**Aim of the task:**
Copy the following listing word for word.

**Dataset content:**

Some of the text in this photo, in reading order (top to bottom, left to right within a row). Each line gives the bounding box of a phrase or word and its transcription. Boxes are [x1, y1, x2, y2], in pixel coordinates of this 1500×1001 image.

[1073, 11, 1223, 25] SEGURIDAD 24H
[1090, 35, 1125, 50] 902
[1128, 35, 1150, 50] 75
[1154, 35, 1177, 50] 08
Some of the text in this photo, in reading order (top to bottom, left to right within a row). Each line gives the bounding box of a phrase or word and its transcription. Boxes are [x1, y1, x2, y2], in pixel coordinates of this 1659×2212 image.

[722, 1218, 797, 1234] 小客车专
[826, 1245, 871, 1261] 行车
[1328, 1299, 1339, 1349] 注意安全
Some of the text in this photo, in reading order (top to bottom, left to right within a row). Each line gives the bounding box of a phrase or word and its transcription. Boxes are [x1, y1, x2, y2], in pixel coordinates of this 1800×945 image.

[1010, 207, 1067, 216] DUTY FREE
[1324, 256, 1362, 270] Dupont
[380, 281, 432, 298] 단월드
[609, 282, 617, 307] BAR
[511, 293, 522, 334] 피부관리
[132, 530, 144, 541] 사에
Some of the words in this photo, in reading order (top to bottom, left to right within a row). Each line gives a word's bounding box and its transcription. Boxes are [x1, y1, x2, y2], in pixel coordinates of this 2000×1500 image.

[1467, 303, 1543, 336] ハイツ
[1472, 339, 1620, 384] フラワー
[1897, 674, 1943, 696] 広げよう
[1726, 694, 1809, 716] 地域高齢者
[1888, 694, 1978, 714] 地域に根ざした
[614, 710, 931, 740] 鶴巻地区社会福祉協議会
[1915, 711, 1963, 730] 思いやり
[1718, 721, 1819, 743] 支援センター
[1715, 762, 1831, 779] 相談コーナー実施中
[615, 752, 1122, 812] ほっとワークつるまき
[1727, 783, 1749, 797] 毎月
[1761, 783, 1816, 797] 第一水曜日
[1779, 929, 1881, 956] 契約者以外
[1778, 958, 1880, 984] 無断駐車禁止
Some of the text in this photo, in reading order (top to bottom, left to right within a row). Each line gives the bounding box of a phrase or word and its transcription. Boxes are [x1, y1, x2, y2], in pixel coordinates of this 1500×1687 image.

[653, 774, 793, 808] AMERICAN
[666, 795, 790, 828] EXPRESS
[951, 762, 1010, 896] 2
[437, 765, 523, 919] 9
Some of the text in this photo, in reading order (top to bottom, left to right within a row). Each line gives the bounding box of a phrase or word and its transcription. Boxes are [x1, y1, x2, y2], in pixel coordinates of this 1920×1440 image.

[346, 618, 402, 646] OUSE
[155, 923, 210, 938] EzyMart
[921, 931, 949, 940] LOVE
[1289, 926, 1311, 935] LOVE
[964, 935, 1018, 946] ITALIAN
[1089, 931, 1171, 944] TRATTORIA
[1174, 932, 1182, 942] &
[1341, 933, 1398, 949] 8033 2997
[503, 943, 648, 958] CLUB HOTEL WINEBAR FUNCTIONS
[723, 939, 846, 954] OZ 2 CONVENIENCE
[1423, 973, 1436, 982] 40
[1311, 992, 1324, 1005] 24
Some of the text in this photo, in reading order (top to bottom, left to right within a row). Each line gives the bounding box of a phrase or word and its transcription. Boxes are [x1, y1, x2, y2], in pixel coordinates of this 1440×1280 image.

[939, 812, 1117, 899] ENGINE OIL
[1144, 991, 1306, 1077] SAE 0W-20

**Written reply:**
Some of the text in this photo, in reading order (top to bottom, left to right within a row). Each line gives the bounding box of a phrase or word and its transcription. Boxes are [x1, y1, x2, y2], in pixel coordinates of this 1500×1001 image.

[1073, 11, 1223, 25] SEGURIDAD 24H
[1090, 35, 1125, 50] 902
[1128, 35, 1150, 50] 75
[1154, 35, 1177, 50] 08
Some of the text in this photo, in reading order (top to bottom, left to right within a row). Each line gives the bounding box of a phrase or word and its transcription. Boxes are [x1, y1, x2, y2], in pixel coordinates of this 1659×2212 image.

[722, 1218, 797, 1234] 小客车专
[826, 1245, 871, 1261] 行车
[1328, 1299, 1339, 1349] 注意安全
Some of the text in this photo, in reading order (top to bottom, left to right within a row). Each line gives the bounding box of a phrase or word and its transcription. Boxes are [x1, y1, x2, y2], in pixel coordinates of this 1800×945 image.

[1010, 207, 1067, 216] DUTY FREE
[1324, 256, 1362, 270] Dupont
[380, 281, 432, 298] 단월드
[609, 282, 617, 307] BAR
[511, 293, 522, 334] 피부관리
[132, 530, 144, 541] 사에
Some of the words in this photo, in reading order (top to bottom, left to right within a row). Each line gives a word's bounding box and its transcription. Boxes are [x1, y1, x2, y2], in pixel coordinates of this 2000×1500 image.

[1467, 303, 1543, 336] ハイツ
[1472, 339, 1620, 384] フラワー
[1897, 674, 1943, 696] 広げよう
[1726, 694, 1809, 716] 地域高齢者
[1888, 694, 1978, 714] 地域に根ざした
[614, 710, 931, 740] 鶴巻地区社会福祉協議会
[1915, 711, 1963, 730] 思いやり
[1718, 721, 1819, 743] 支援センター
[1715, 762, 1831, 779] 相談コーナー実施中
[615, 752, 1122, 812] ほっとワークつるまき
[1727, 783, 1749, 797] 毎月
[1761, 783, 1816, 797] 第一水曜日
[1779, 929, 1881, 956] 契約者以外
[1778, 958, 1880, 984] 無断駐車禁止
Some of the text in this photo, in reading order (top to bottom, left to right within a row). Each line gives the bounding box of a phrase or word and its transcription. Boxes are [x1, y1, x2, y2], in pixel coordinates of this 1500×1687 image.

[653, 774, 793, 808] AMERICAN
[666, 795, 790, 828] EXPRESS
[951, 762, 1010, 896] 2
[437, 765, 523, 919] 9
Some of the text in this photo, in reading order (top to bottom, left to right within a row). Each line gives the bounding box of a phrase or word and its transcription. Boxes are [x1, y1, x2, y2], in pixel coordinates of this 1920×1440 image.

[346, 618, 402, 646] OUSE
[155, 923, 210, 938] EzyMart
[921, 931, 949, 940] LOVE
[1289, 926, 1311, 935] LOVE
[964, 935, 1018, 946] ITALIAN
[1089, 931, 1171, 944] TRATTORIA
[1174, 932, 1182, 942] &
[1341, 933, 1398, 949] 8033 2997
[503, 943, 648, 958] CLUB HOTEL WINEBAR FUNCTIONS
[723, 939, 846, 954] OZ 2 CONVENIENCE
[1423, 973, 1436, 982] 40
[1311, 992, 1324, 1005] 24
Some of the text in this photo, in reading order (top to bottom, left to right within a row). Each line gives the bounding box of a phrase or word and its transcription. Boxes are [x1, y1, x2, y2], in pixel coordinates of this 1440×1280 image.

[939, 812, 1117, 899] ENGINE OIL
[1144, 991, 1306, 1077] SAE 0W-20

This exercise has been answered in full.